→ **Exercise prompt**: Each record that follows should be reproduced in full, character for character.

→ **Material supplied**:
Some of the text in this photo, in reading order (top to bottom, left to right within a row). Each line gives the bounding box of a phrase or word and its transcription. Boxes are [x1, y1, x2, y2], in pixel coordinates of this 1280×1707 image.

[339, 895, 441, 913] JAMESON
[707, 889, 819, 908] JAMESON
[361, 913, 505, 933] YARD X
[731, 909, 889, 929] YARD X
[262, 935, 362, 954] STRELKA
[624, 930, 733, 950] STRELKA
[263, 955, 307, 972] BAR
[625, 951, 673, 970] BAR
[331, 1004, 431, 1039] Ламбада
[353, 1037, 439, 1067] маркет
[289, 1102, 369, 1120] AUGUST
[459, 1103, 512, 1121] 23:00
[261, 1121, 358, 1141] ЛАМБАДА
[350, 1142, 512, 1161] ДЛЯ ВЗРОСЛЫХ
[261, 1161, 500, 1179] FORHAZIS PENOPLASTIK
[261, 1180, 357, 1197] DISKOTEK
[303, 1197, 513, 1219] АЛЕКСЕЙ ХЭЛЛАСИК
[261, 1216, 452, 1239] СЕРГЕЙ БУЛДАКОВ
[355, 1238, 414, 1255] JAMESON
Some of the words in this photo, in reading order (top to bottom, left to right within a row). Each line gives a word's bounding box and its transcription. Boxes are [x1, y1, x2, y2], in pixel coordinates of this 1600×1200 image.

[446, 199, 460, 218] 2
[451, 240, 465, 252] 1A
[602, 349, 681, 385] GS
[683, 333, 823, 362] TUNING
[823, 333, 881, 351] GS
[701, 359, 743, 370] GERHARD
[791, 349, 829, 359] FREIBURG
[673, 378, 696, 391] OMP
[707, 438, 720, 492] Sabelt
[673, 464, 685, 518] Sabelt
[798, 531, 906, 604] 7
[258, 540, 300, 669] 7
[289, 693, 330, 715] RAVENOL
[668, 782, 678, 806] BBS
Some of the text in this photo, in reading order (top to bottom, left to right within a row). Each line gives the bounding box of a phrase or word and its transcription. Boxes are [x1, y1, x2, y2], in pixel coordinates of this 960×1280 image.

→ **Your response**:
Some of the text in this photo, in reading order (top to bottom, left to right within a row). Each line gives the bounding box of a phrase or word and its transcription. Boxes are [x1, y1, x2, y2], in pixel coordinates of this 1280×1707 image.

[339, 895, 441, 913] JAMESON
[707, 889, 819, 908] JAMESON
[361, 913, 505, 933] YARD X
[731, 909, 889, 929] YARD X
[262, 935, 362, 954] STRELKA
[624, 930, 733, 950] STRELKA
[263, 955, 307, 972] BAR
[625, 951, 673, 970] BAR
[331, 1004, 431, 1039] Ламбада
[353, 1037, 439, 1067] маркет
[289, 1102, 369, 1120] AUGUST
[459, 1103, 512, 1121] 23:00
[261, 1121, 358, 1141] ЛАМБАДА
[350, 1142, 512, 1161] ДЛЯ ВЗРОСЛЫХ
[261, 1161, 500, 1179] FORHAZIS PENOPLASTIK
[261, 1180, 357, 1197] DISKOTEK
[303, 1197, 513, 1219] АЛЕКСЕЙ ХЭЛЛАСИК
[261, 1216, 452, 1239] СЕРГЕЙ БУЛДАКОВ
[355, 1238, 414, 1255] JAMESON
Some of the words in this photo, in reading order (top to bottom, left to right within a row). Each line gives a word's bounding box and its transcription. Boxes are [x1, y1, x2, y2], in pixel coordinates of this 1600×1200 image.

[446, 199, 460, 218] 2
[451, 240, 465, 252] 1A
[602, 349, 681, 385] GS
[683, 333, 823, 362] TUNING
[823, 333, 881, 351] GS
[701, 359, 743, 370] GERHARD
[791, 349, 829, 359] FREIBURG
[673, 378, 696, 391] OMP
[707, 438, 720, 492] Sabelt
[673, 464, 685, 518] Sabelt
[798, 531, 906, 604] 7
[258, 540, 300, 669] 7
[289, 693, 330, 715] RAVENOL
[668, 782, 678, 806] BBS
Some of the text in this photo, in reading order (top to bottom, left to right within a row). Each line gives the bounding box of a phrase or word and its transcription. Boxes are [x1, y1, x2, y2], in pixel coordinates of this 960×1280 image.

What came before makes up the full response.